No one has formally proposed adding age data to AccountsService. This page documents why it was considered and why the D-Bus proposal went in a different direction.

What Is AccountsService?

AccountsService (accounts-daemon) is a D-Bus service that provides a system-level interface for managing user accounts. It stores per-user data such as display name, profile photo, language preferences, and login frequency. On GNOME-based systems, it's the canonical source for user metadata.

User data is stored in plain-text key-value files under /var/lib/AccountsService/users/, with one file per user named after the username. Adding age bracket support would likely mean adding a new key to these files — something like AgeBracket=4.

Why It Was Passed Over

Aaron Rainbolt explicitly chose not to build age reporting into AccountsService. His reasoning:

Backporting Burden

Modifying AccountsService would require patching and releasing a new version of an established system service. For distributions with stable releases — Debian in particular — this means either backporting the patch to every supported release or waiting for the next major version. A standalone D-Bus service can be packaged and shipped independently, immediately, on any release.

"Effectively Obsolete"

David Edmundson (KDE developer), responding on the debian-devel thread, described AccountsService as "effectively obsolete" — being supplanted by systemd's userdb and homed services. Building compliance infrastructure on top of a service that may be deprecated adds technical debt.

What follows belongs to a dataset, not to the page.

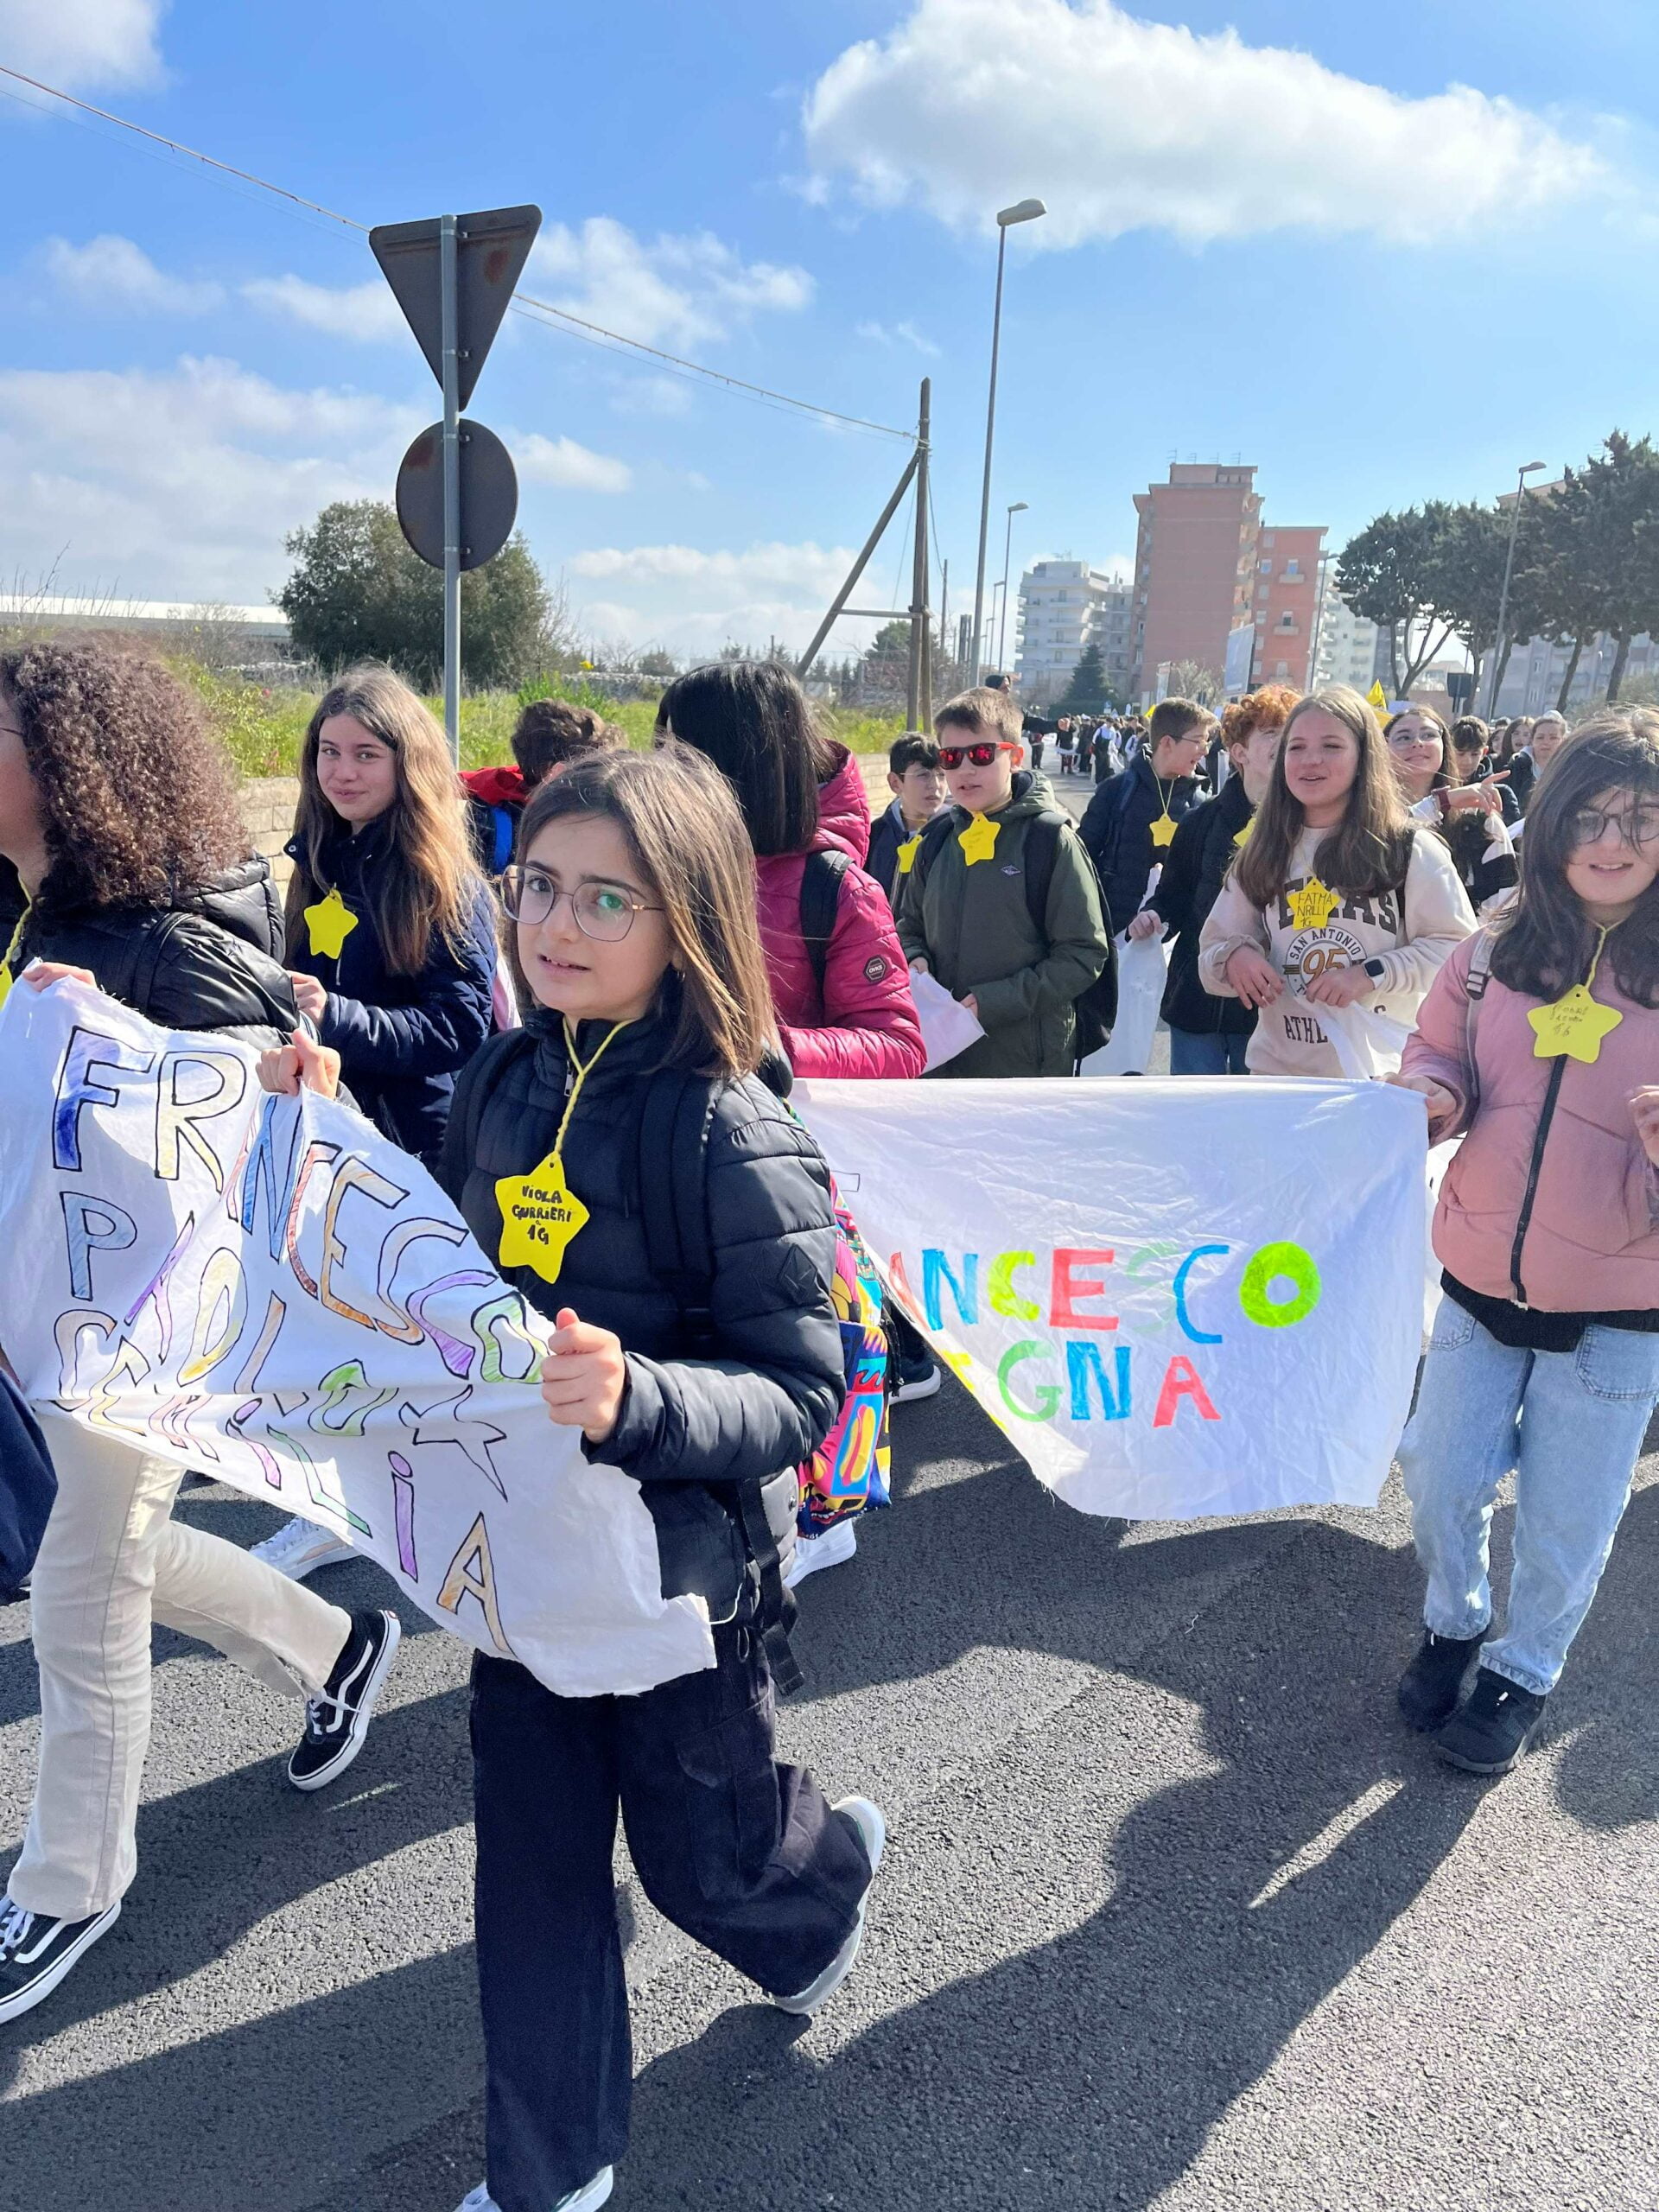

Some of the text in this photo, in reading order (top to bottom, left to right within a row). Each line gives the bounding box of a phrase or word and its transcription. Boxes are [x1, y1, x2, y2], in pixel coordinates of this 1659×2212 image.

[1298, 892, 1333, 906] FATMA
[1290, 928, 1362, 960] SAN ANTONIO
[1303, 948, 1348, 986] 95

Desktop Environment Dependency

AccountsService is primarily a GNOME component. While it runs on other desktops, it's not universally present. A cross-distro standard needs to work on systems without GNOME infrastructure — headless servers, embedded devices, tiling window manager setups, and non-GNOME desktops.

What to Watch For

Despite the D-Bus proposal going in a different direction, GNOME could independently decide to add age fields to AccountsService. If this happens:

If This Ships

Ageless Linux will provide removal instructions. The fix would involve either deleting the age field from the per-user file, replacing AccountsService with a patched version that omits age support, or masking the relevant D-Bus properties. The specifics depend on how the integration is implemented.

File Locations

For reference, the AccountsService per-user files live at:

/var/lib/AccountsService/users/USERNAME

A typical file looks like:

[User]
Language=en_US.UTF-8
XSession=gnome
SystemAccount=false

If age fields are added, they would likely appear in this format — a simple key-value pair that can be edited or removed with standard text tools.